*Supplied material:*

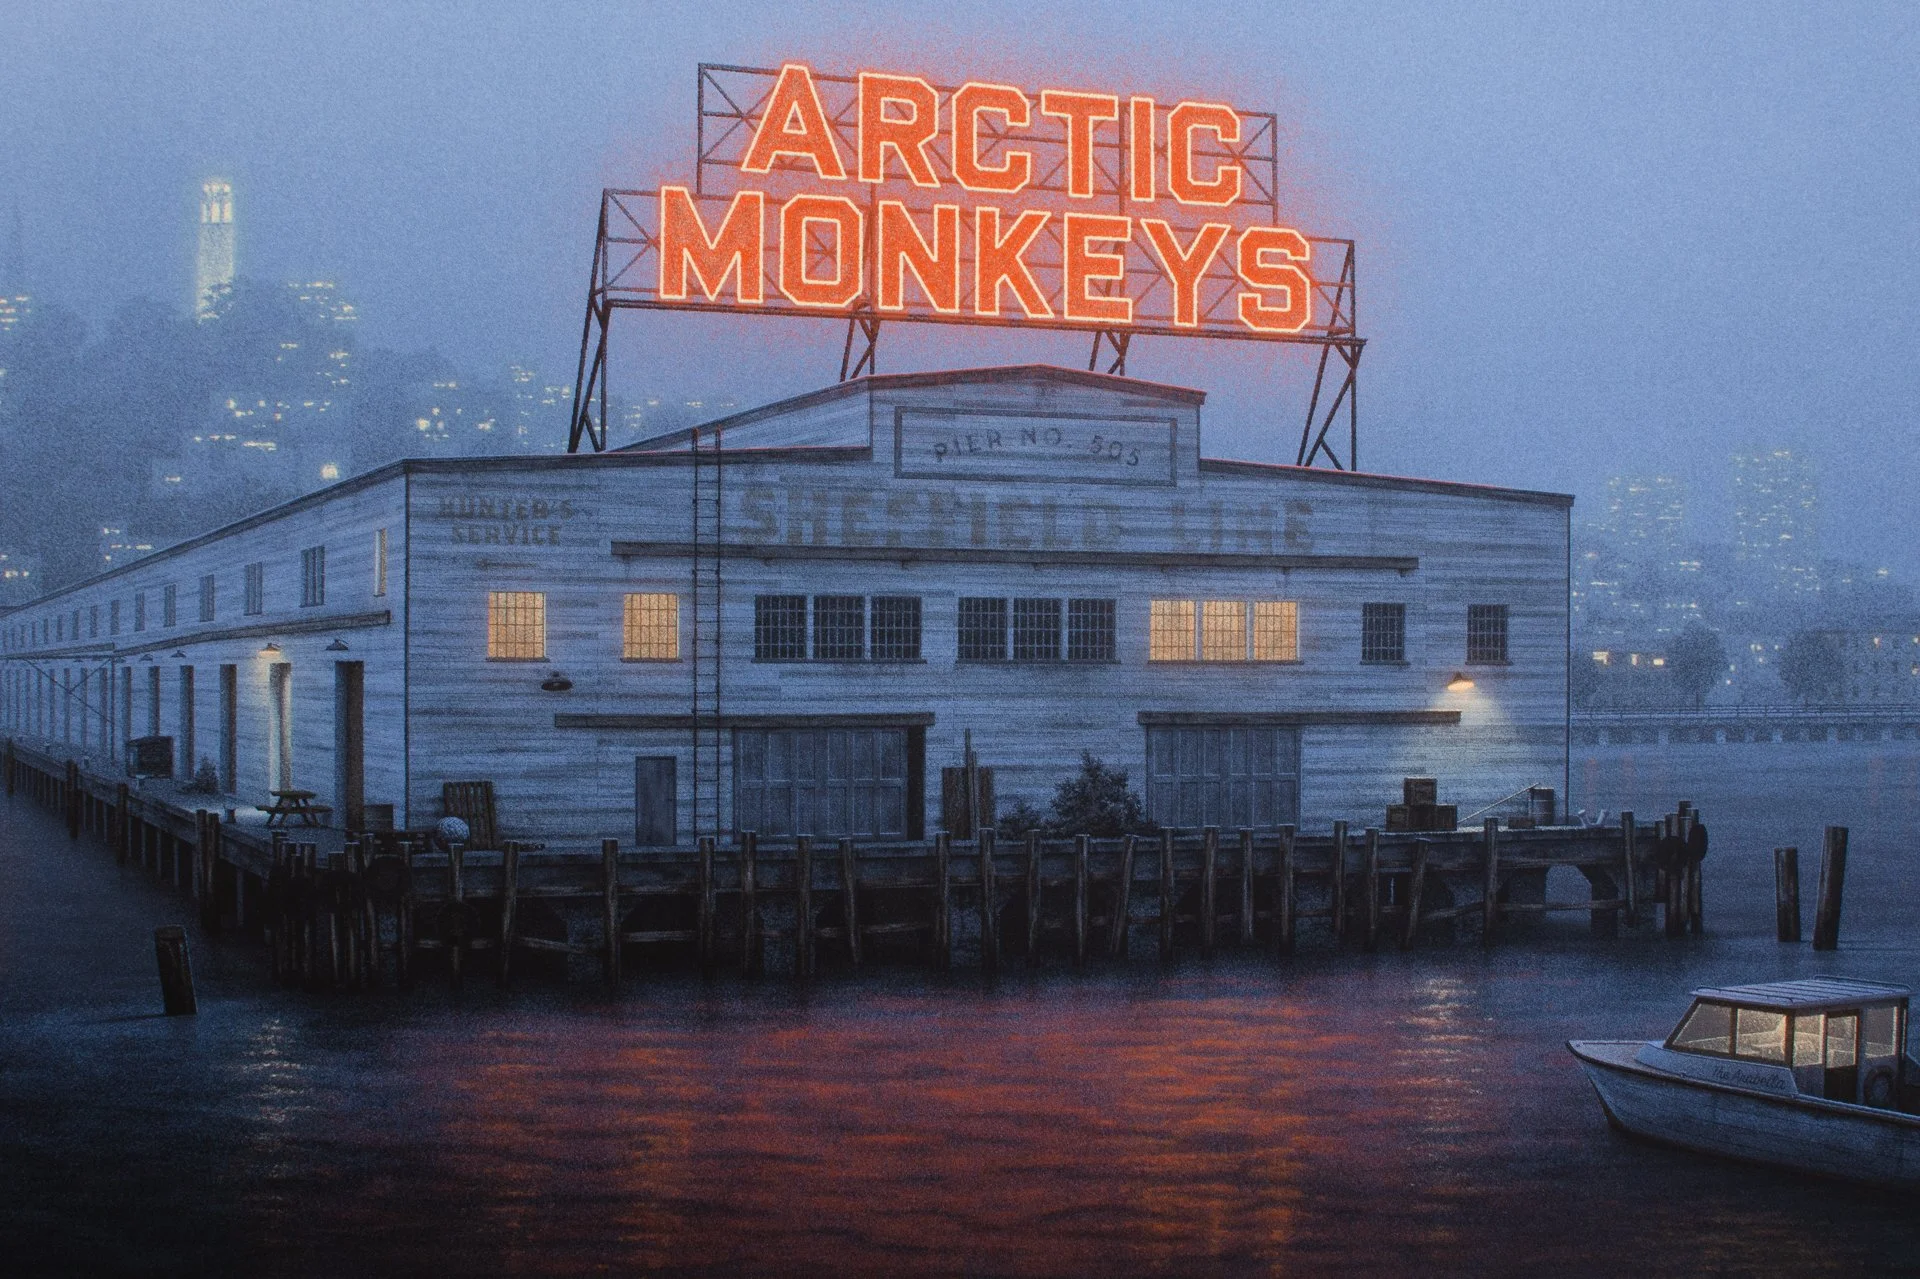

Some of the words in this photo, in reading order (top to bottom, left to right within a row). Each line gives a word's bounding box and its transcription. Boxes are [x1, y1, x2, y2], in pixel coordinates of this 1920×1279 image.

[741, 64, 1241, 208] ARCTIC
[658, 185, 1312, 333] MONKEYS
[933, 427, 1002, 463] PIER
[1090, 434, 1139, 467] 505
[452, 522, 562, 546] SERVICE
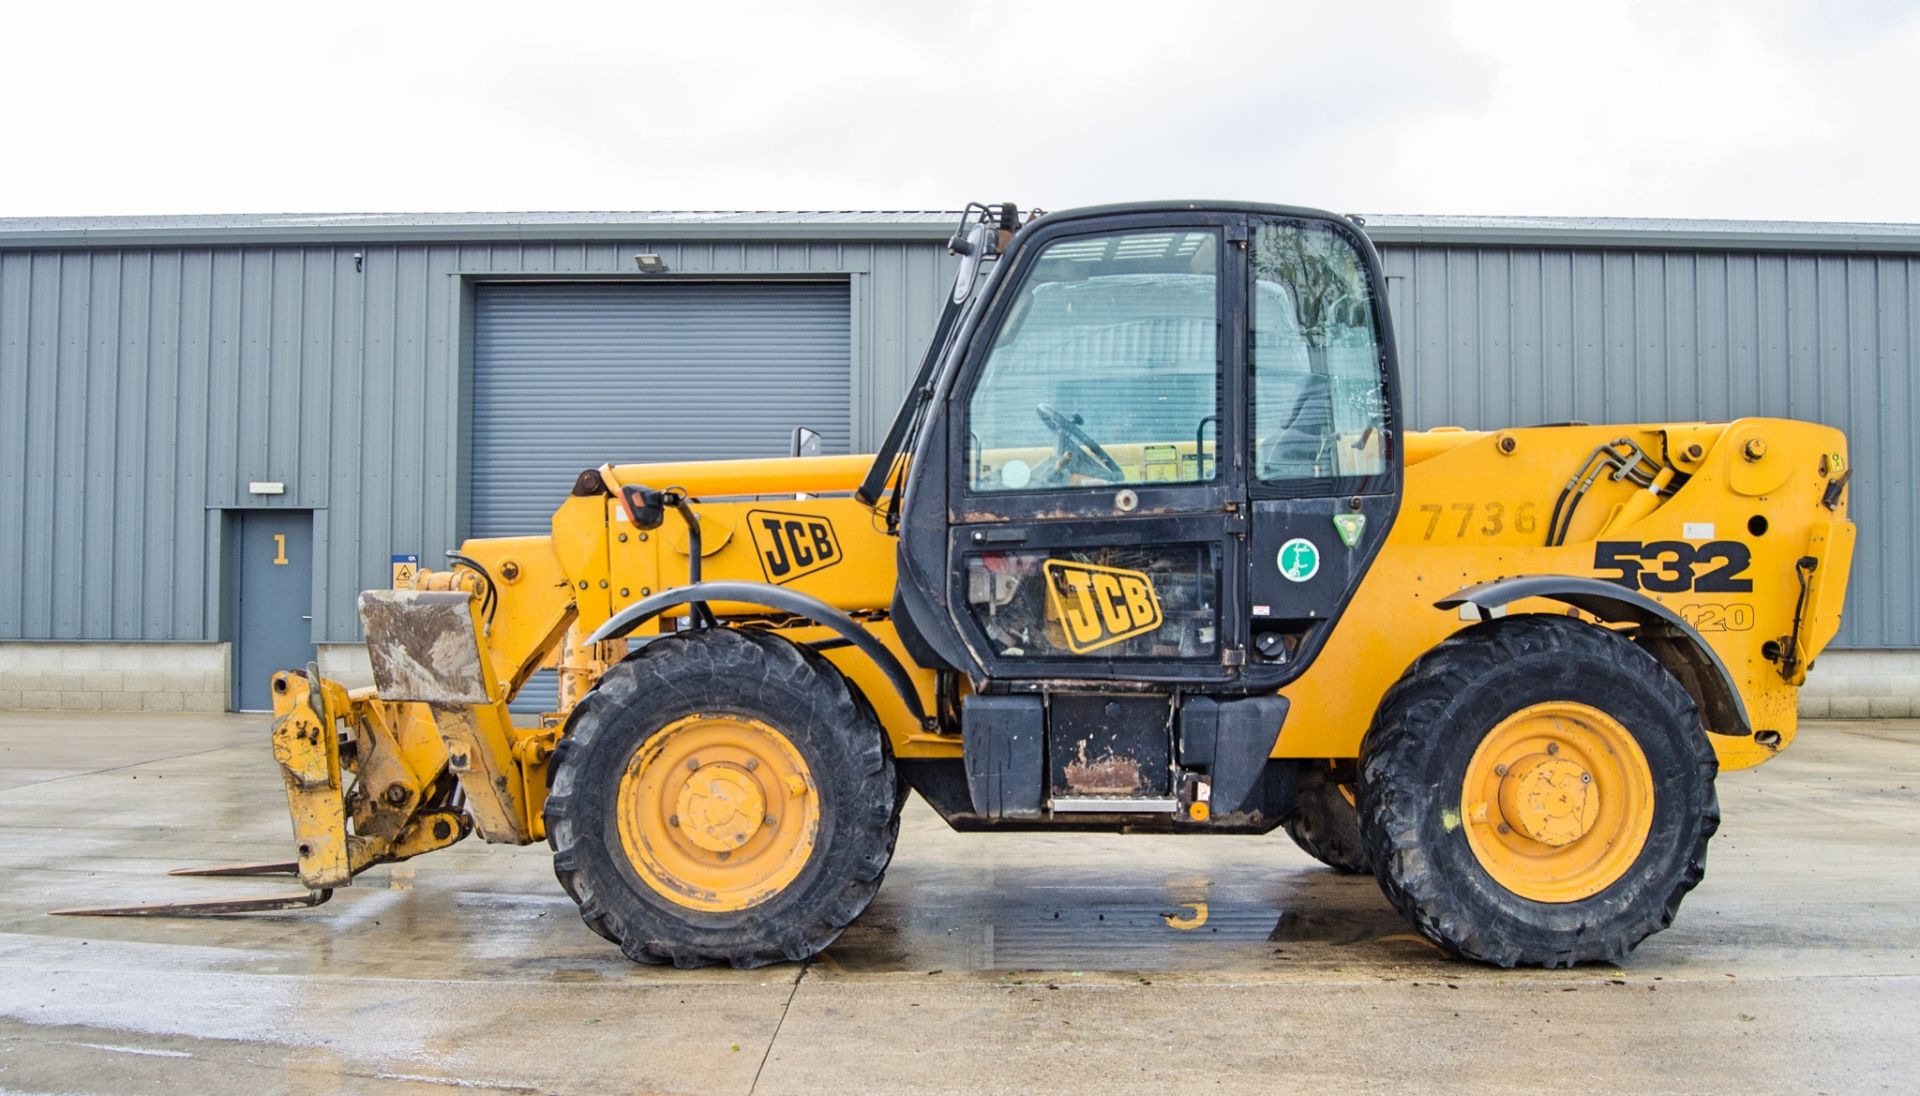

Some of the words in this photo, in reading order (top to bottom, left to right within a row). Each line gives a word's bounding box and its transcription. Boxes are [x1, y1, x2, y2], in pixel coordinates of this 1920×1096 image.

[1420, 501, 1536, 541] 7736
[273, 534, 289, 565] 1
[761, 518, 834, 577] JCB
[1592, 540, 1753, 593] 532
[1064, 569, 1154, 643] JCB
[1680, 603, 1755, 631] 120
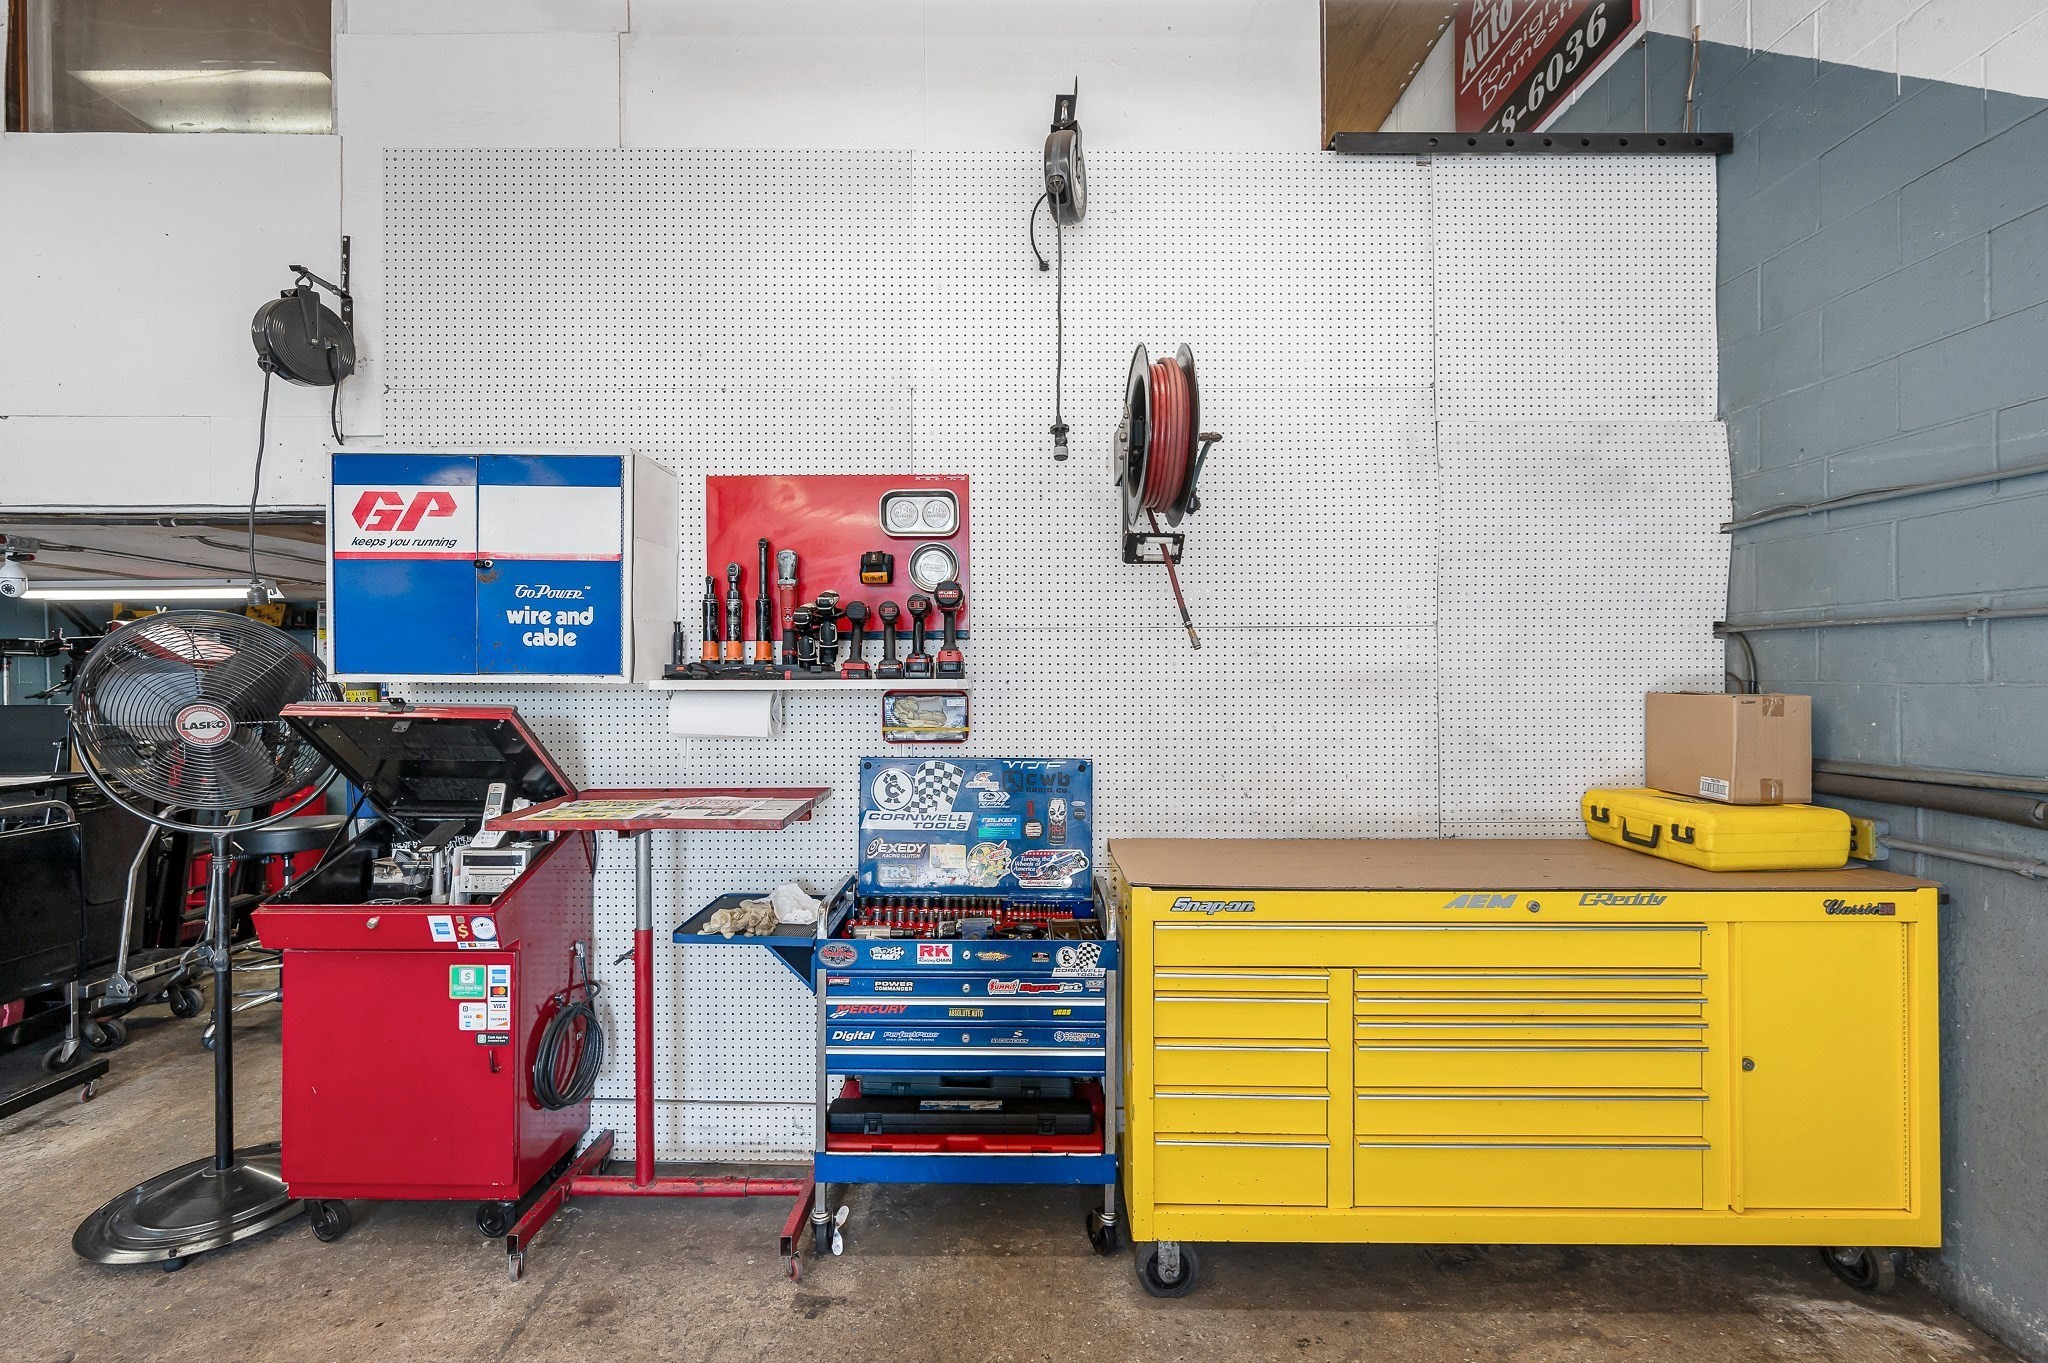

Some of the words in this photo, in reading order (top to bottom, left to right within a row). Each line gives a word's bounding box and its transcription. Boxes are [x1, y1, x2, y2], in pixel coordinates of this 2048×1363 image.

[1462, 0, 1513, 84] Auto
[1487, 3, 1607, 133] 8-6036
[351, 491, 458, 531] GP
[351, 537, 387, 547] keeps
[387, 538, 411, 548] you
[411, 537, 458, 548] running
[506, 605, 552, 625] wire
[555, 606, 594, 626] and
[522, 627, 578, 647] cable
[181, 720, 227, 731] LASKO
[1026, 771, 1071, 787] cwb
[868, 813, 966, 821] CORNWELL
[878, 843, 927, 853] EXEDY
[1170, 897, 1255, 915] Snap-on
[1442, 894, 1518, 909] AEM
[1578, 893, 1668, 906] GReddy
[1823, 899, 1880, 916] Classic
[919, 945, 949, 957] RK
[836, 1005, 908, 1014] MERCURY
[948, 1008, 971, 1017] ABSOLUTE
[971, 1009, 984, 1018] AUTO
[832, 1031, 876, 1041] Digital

*Exercise details:* Transcribe the records above verbatim. Do not carry over any picture.

*Solution:*
Some of the words in this photo, in reading order (top to bottom, left to right within a row). Each line gives a word's bounding box and its transcription. Boxes are [x1, y1, x2, y2], in pixel coordinates of this 1920×1279 image.

[741, 64, 1241, 208] ARCTIC
[658, 185, 1312, 333] MONKEYS
[933, 427, 1002, 463] PIER
[1090, 434, 1139, 467] 505
[452, 522, 562, 546] SERVICE

Some of the words in this photo, in reading order (top to bottom, left to right within a row). Each line gives a word's bounding box and its transcription. Boxes are [x1, y1, x2, y2], in pixel coordinates of this 1920×1096 image.

[1420, 501, 1536, 541] 7736
[273, 534, 289, 565] 1
[761, 518, 834, 577] JCB
[1592, 540, 1753, 593] 532
[1064, 569, 1154, 643] JCB
[1680, 603, 1755, 631] 120

Some of the words in this photo, in reading order (top to bottom, left to right within a row). Each line gives a word's bounding box and its transcription. Boxes are [x1, y1, x2, y2], in pixel coordinates of this 2048×1363 image.

[1462, 0, 1513, 84] Auto
[1487, 3, 1607, 133] 8-6036
[351, 491, 458, 531] GP
[351, 537, 387, 547] keeps
[387, 538, 411, 548] you
[411, 537, 458, 548] running
[506, 605, 552, 625] wire
[555, 606, 594, 626] and
[522, 627, 578, 647] cable
[181, 720, 227, 731] LASKO
[1026, 771, 1071, 787] cwb
[868, 813, 966, 821] CORNWELL
[878, 843, 927, 853] EXEDY
[1170, 897, 1255, 915] Snap-on
[1442, 894, 1518, 909] AEM
[1578, 893, 1668, 906] GReddy
[1823, 899, 1880, 916] Classic
[919, 945, 949, 957] RK
[836, 1005, 908, 1014] MERCURY
[948, 1008, 971, 1017] ABSOLUTE
[971, 1009, 984, 1018] AUTO
[832, 1031, 876, 1041] Digital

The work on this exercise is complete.